DESCRIPTION OF THE TASK
Your reply should be a faithful copy of the records below, free of pictures.

GIVEN DATA
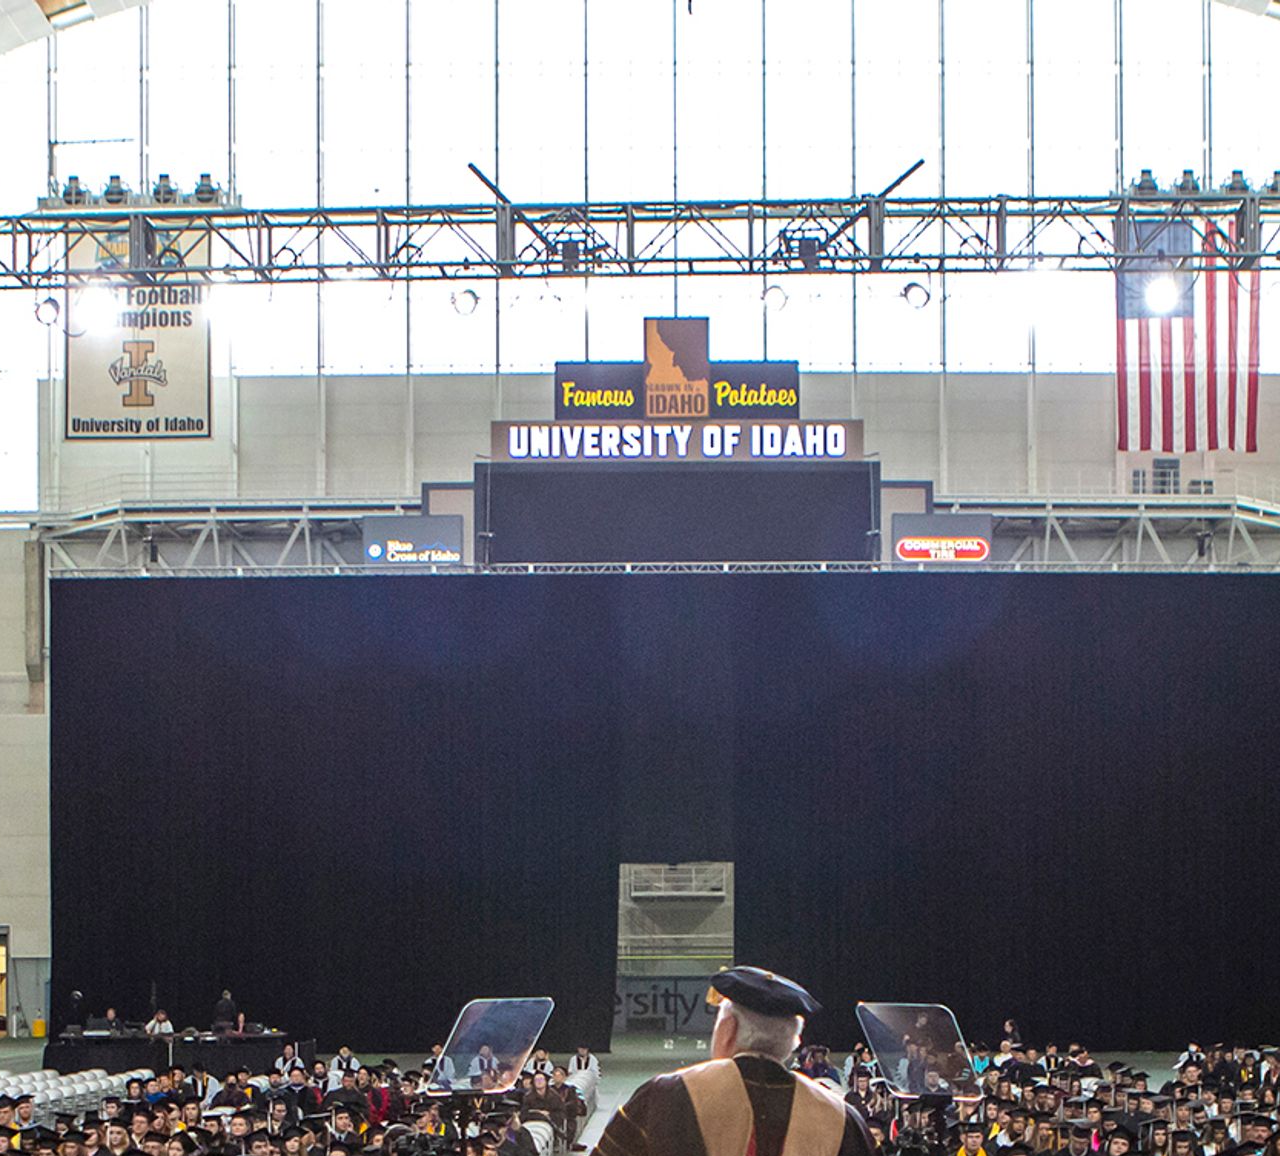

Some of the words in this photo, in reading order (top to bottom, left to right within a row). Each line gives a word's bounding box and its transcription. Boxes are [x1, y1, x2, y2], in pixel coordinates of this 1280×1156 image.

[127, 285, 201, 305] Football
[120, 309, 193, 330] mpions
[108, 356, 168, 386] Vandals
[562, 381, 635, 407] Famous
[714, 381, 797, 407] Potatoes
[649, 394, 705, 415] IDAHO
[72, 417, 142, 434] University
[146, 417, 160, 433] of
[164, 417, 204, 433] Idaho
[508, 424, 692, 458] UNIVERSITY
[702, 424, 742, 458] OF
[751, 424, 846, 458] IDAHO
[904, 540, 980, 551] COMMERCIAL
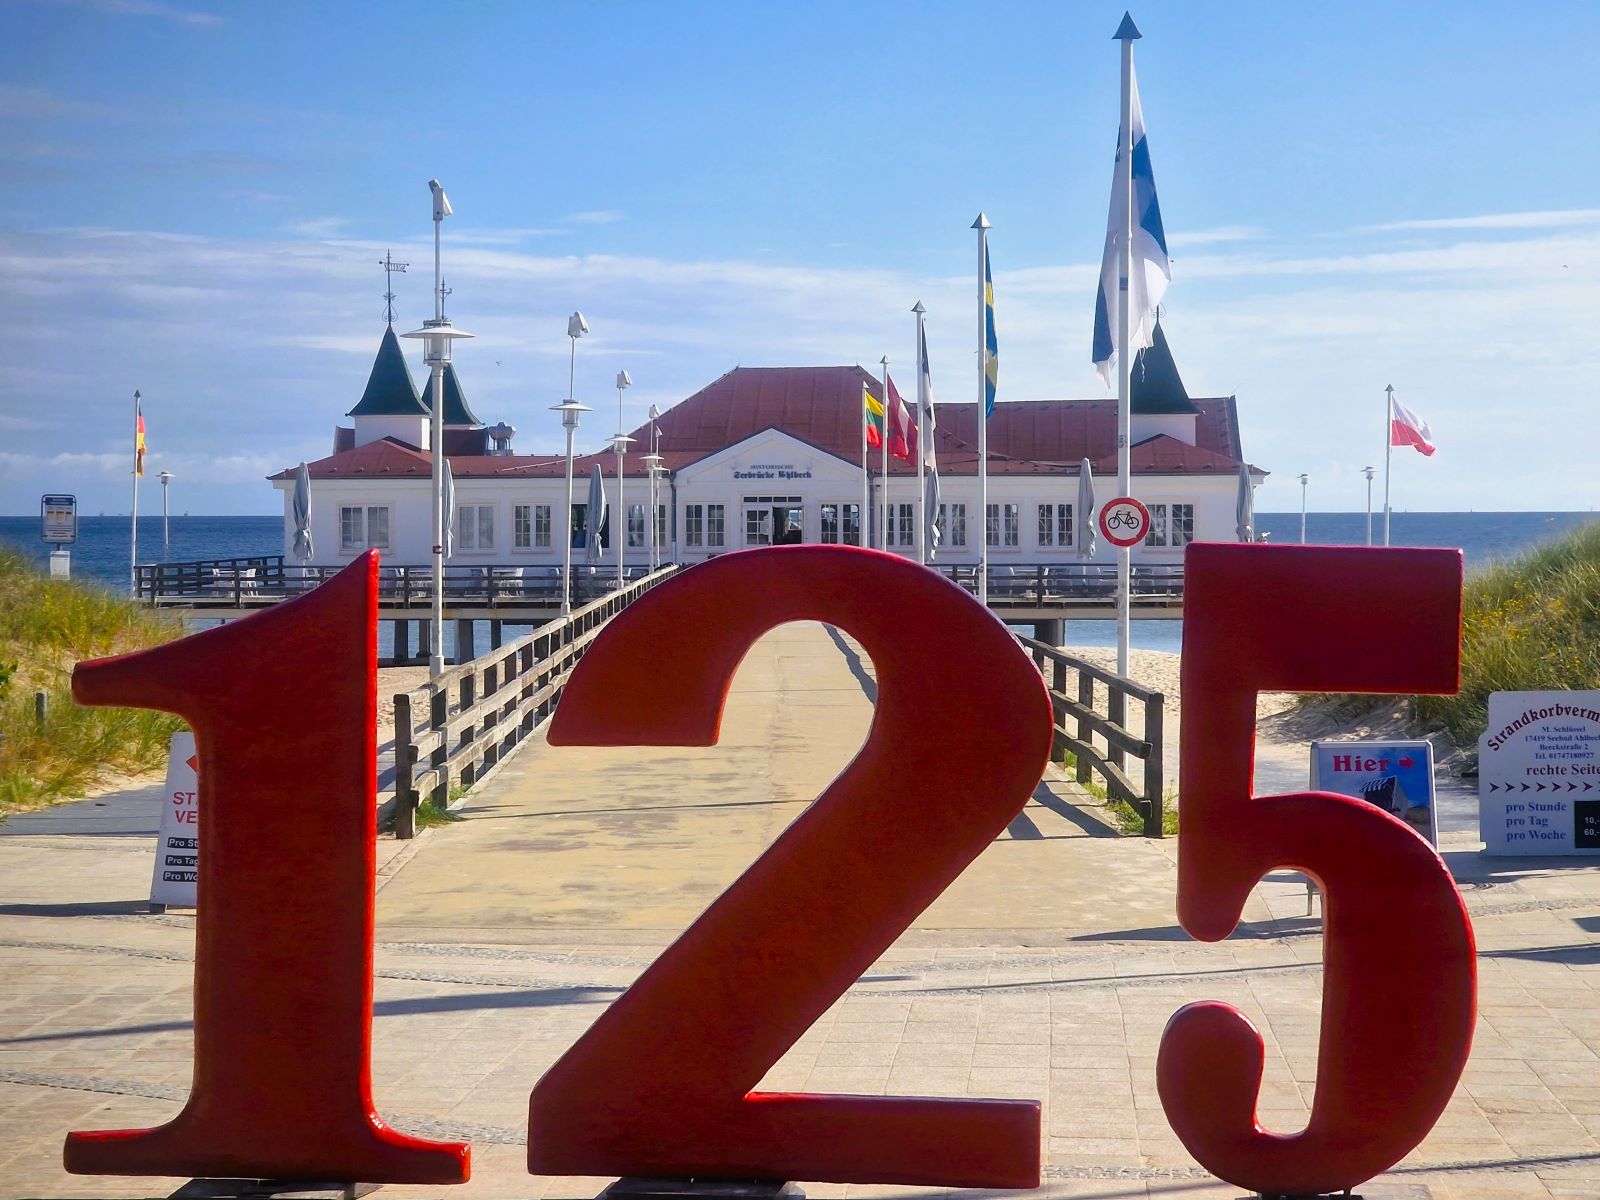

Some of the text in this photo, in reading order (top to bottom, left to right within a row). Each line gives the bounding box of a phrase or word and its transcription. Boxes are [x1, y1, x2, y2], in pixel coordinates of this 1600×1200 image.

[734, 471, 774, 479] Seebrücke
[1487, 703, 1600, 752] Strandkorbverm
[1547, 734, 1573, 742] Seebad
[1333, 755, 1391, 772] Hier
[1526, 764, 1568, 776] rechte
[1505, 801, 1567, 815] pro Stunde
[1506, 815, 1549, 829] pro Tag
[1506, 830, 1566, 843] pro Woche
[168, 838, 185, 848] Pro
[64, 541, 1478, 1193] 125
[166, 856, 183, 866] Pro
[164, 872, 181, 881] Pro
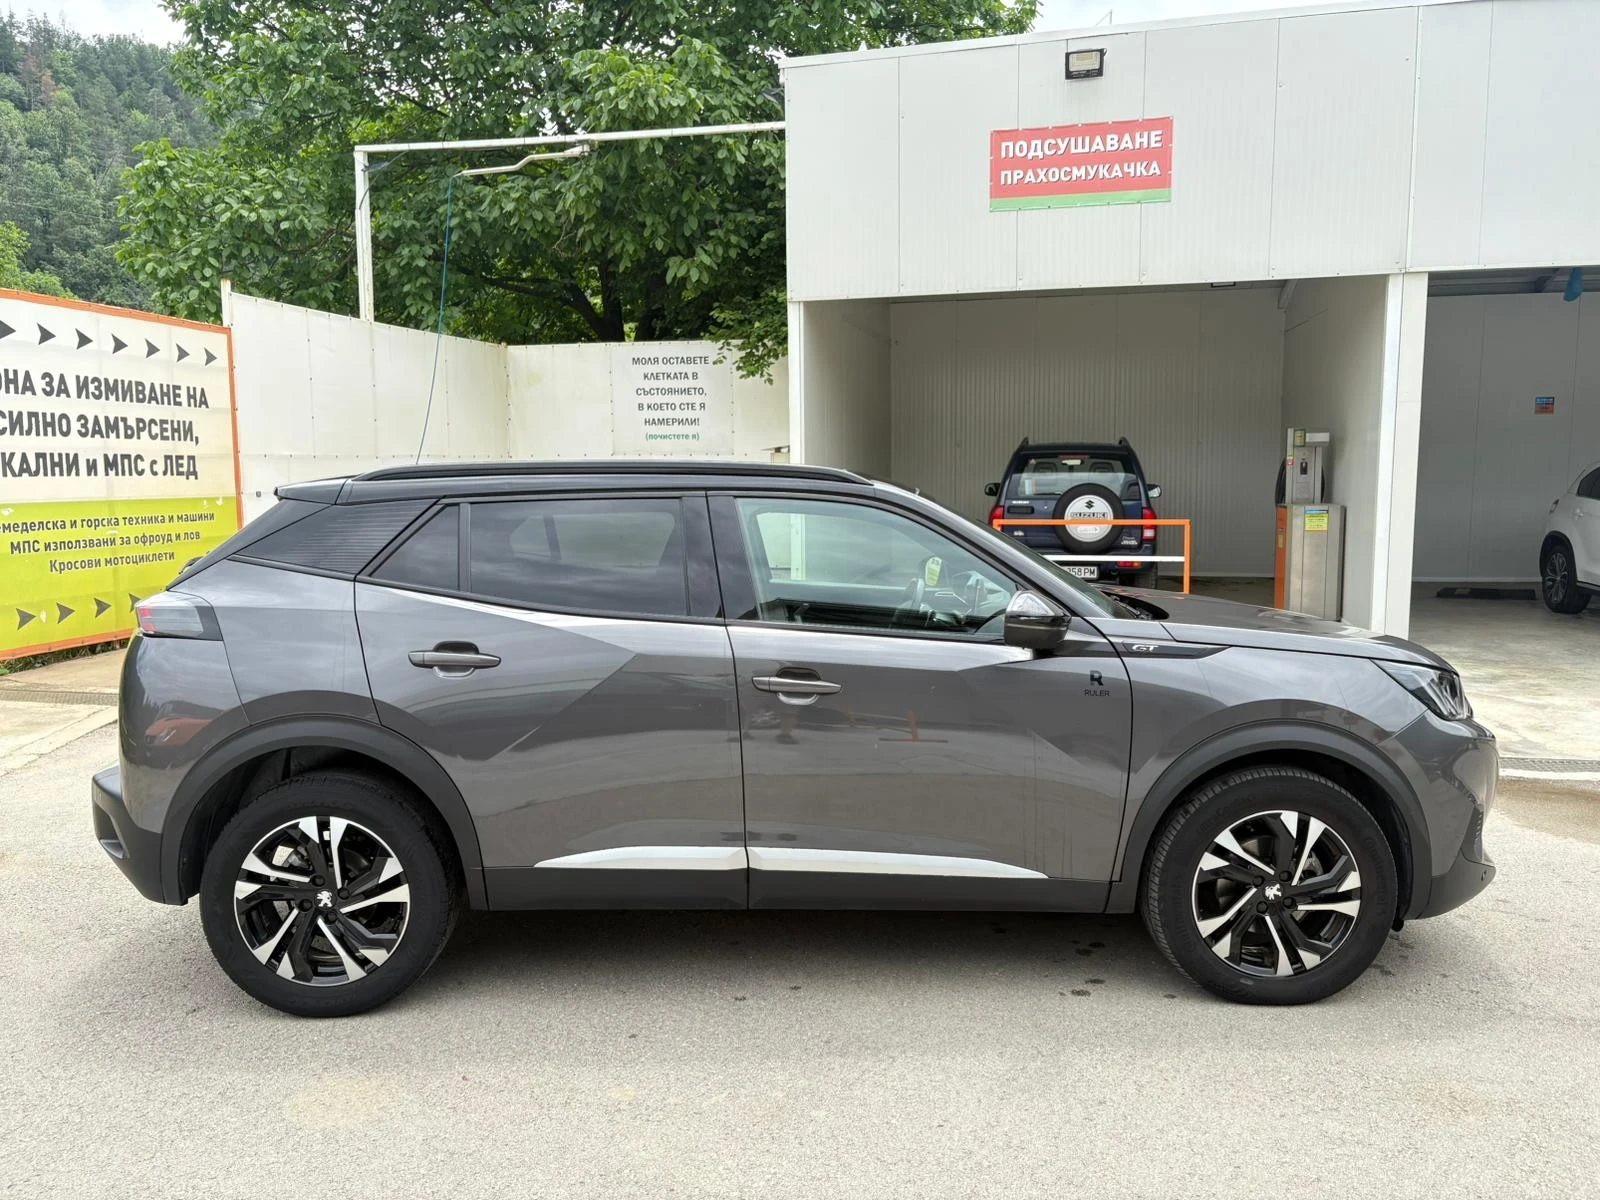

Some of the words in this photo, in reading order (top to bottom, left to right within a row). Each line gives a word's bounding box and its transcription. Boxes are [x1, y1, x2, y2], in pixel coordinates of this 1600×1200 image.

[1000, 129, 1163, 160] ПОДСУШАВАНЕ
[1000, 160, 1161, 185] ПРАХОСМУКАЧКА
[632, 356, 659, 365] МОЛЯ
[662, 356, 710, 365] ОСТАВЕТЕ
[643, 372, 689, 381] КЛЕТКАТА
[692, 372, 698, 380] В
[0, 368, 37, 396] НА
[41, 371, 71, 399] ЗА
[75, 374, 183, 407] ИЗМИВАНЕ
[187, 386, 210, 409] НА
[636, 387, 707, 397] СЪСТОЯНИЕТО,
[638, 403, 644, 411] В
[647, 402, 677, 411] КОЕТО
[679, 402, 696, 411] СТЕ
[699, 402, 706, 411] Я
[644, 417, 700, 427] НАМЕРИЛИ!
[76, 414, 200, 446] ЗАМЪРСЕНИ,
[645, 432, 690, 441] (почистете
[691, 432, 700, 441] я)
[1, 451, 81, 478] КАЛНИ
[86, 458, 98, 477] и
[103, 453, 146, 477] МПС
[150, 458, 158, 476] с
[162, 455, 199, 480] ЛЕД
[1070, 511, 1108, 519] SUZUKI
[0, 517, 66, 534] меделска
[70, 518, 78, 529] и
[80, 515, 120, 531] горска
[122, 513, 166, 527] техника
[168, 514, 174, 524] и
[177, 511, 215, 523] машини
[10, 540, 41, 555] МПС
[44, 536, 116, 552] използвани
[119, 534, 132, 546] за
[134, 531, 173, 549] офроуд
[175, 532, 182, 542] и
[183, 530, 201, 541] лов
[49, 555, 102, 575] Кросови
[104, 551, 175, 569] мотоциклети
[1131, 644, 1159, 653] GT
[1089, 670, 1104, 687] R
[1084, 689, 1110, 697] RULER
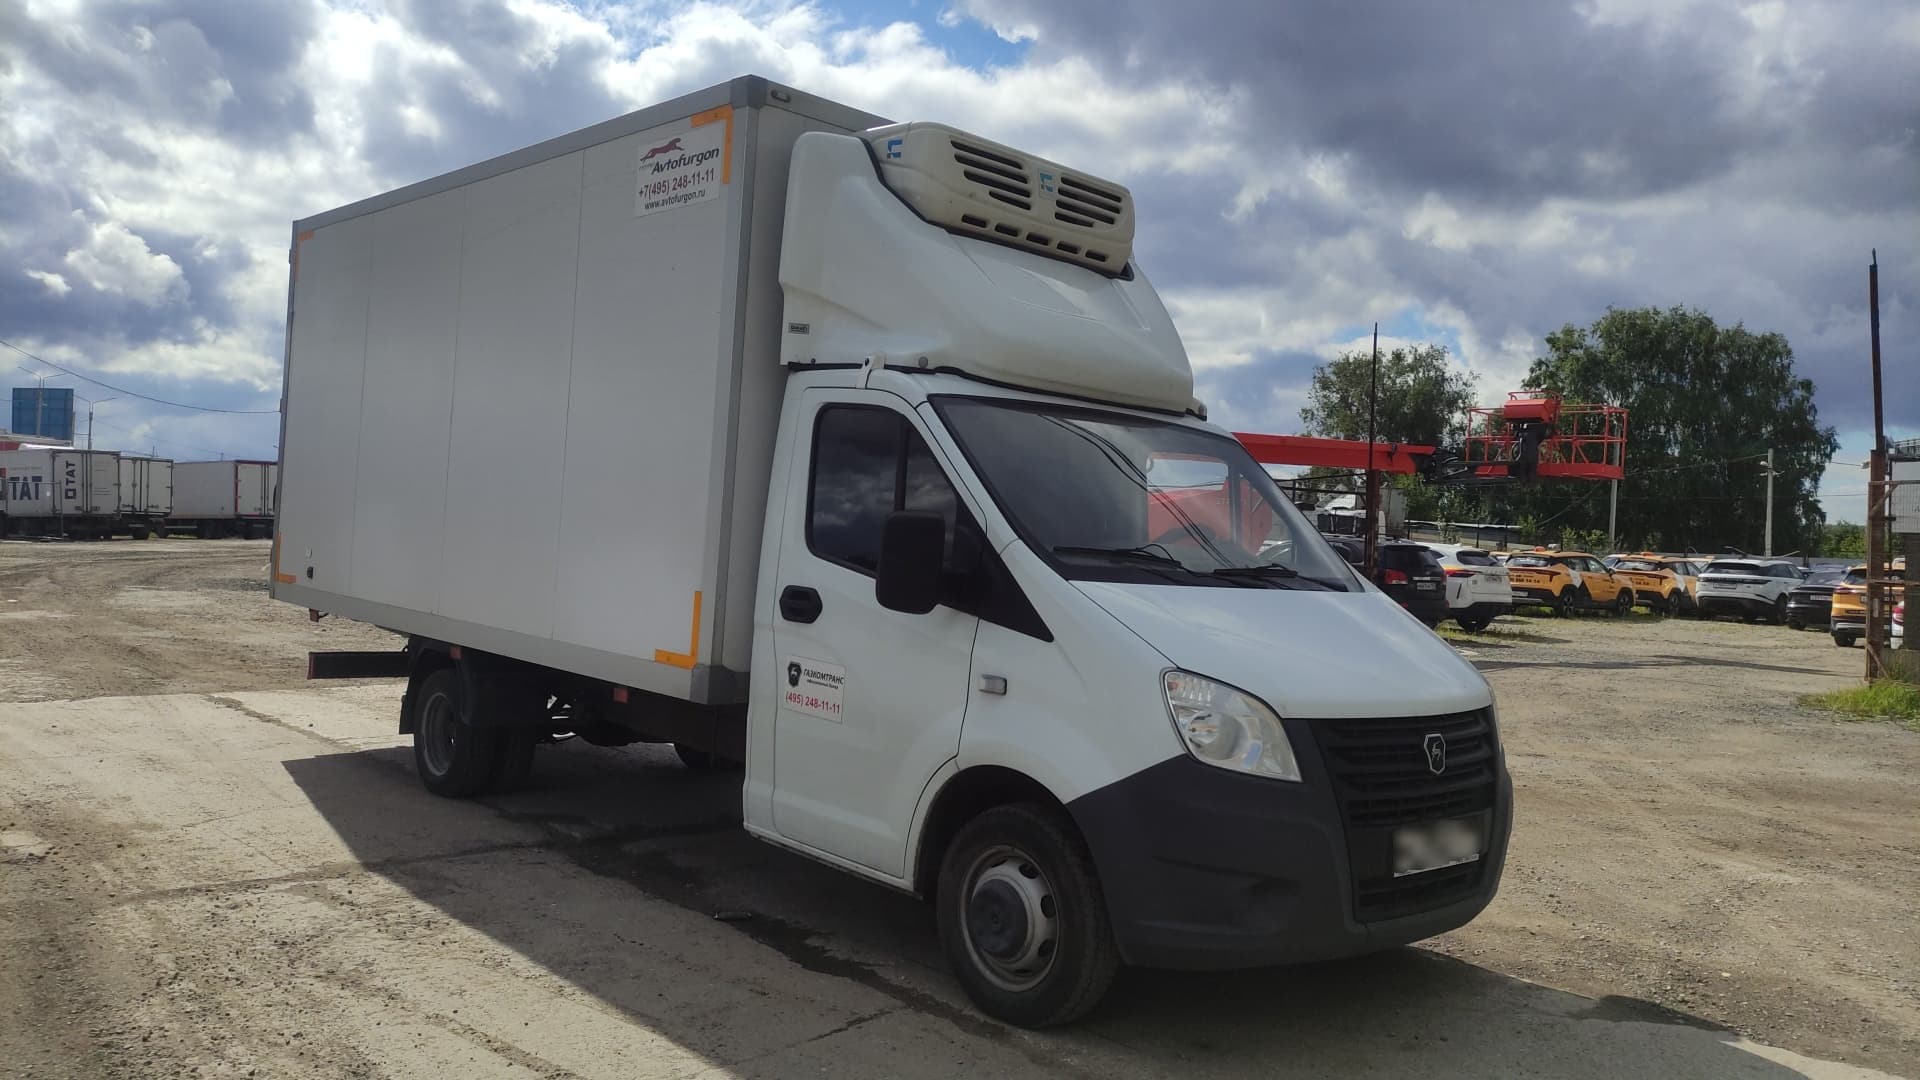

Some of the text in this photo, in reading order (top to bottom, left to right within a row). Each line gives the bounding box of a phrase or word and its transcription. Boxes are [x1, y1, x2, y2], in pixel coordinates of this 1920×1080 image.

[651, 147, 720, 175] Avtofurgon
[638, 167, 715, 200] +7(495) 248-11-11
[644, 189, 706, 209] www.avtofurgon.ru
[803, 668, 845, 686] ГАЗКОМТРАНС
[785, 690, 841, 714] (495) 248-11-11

TASK OUTPUT
Some of the words in this photo, in reading order (top to bottom, left to right within a row). Each line gives a word's bounding box and its transcription. Boxes are [x1, y1, x2, y2], in pixel coordinates of this 1280×1156 image.

[127, 285, 201, 305] Football
[120, 309, 193, 330] mpions
[108, 356, 168, 386] Vandals
[562, 381, 635, 407] Famous
[714, 381, 797, 407] Potatoes
[649, 394, 705, 415] IDAHO
[72, 417, 142, 434] University
[146, 417, 160, 433] of
[164, 417, 204, 433] Idaho
[508, 424, 692, 458] UNIVERSITY
[702, 424, 742, 458] OF
[751, 424, 846, 458] IDAHO
[904, 540, 980, 551] COMMERCIAL

Some of the text in this photo, in reading order (top to bottom, left to right within a row). Each line gives the bounding box of a phrase or word and its transcription. Boxes are [x1, y1, x2, y2], in pixel coordinates of this 1600×1200 image.

[734, 471, 774, 479] Seebrücke
[1487, 703, 1600, 752] Strandkorbverm
[1547, 734, 1573, 742] Seebad
[1333, 755, 1391, 772] Hier
[1526, 764, 1568, 776] rechte
[1505, 801, 1567, 815] pro Stunde
[1506, 815, 1549, 829] pro Tag
[1506, 830, 1566, 843] pro Woche
[168, 838, 185, 848] Pro
[64, 541, 1478, 1193] 125
[166, 856, 183, 866] Pro
[164, 872, 181, 881] Pro

Some of the words in this photo, in reading order (top to bottom, left to right within a row). Each line gives a word's bounding box and its transcription. Boxes are [x1, y1, x2, y2], in pixel coordinates of this 1600×1200 image.

[1000, 129, 1163, 160] ПОДСУШАВАНЕ
[1000, 160, 1161, 185] ПРАХОСМУКАЧКА
[632, 356, 659, 365] МОЛЯ
[662, 356, 710, 365] ОСТАВЕТЕ
[643, 372, 689, 381] КЛЕТКАТА
[692, 372, 698, 380] В
[0, 368, 37, 396] НА
[41, 371, 71, 399] ЗА
[75, 374, 183, 407] ИЗМИВАНЕ
[187, 386, 210, 409] НА
[636, 387, 707, 397] СЪСТОЯНИЕТО,
[638, 403, 644, 411] В
[647, 402, 677, 411] КОЕТО
[679, 402, 696, 411] СТЕ
[699, 402, 706, 411] Я
[644, 417, 700, 427] НАМЕРИЛИ!
[76, 414, 200, 446] ЗАМЪРСЕНИ,
[645, 432, 690, 441] (почистете
[691, 432, 700, 441] я)
[1, 451, 81, 478] КАЛНИ
[86, 458, 98, 477] и
[103, 453, 146, 477] МПС
[150, 458, 158, 476] с
[162, 455, 199, 480] ЛЕД
[1070, 511, 1108, 519] SUZUKI
[0, 517, 66, 534] меделска
[70, 518, 78, 529] и
[80, 515, 120, 531] горска
[122, 513, 166, 527] техника
[168, 514, 174, 524] и
[177, 511, 215, 523] машини
[10, 540, 41, 555] МПС
[44, 536, 116, 552] използвани
[119, 534, 132, 546] за
[134, 531, 173, 549] офроуд
[175, 532, 182, 542] и
[183, 530, 201, 541] лов
[49, 555, 102, 575] Кросови
[104, 551, 175, 569] мотоциклети
[1131, 644, 1159, 653] GT
[1089, 670, 1104, 687] R
[1084, 689, 1110, 697] RULER

Some of the text in this photo, in reading order (top to bottom, left to right within a row). Each line gives the bounding box of a phrase or word and its transcription. Boxes are [x1, y1, x2, y2], in pixel coordinates of this 1920×1080 image.

[651, 147, 720, 175] Avtofurgon
[638, 167, 715, 200] +7(495) 248-11-11
[644, 189, 706, 209] www.avtofurgon.ru
[803, 668, 845, 686] ГАЗКОМТРАНС
[785, 690, 841, 714] (495) 248-11-11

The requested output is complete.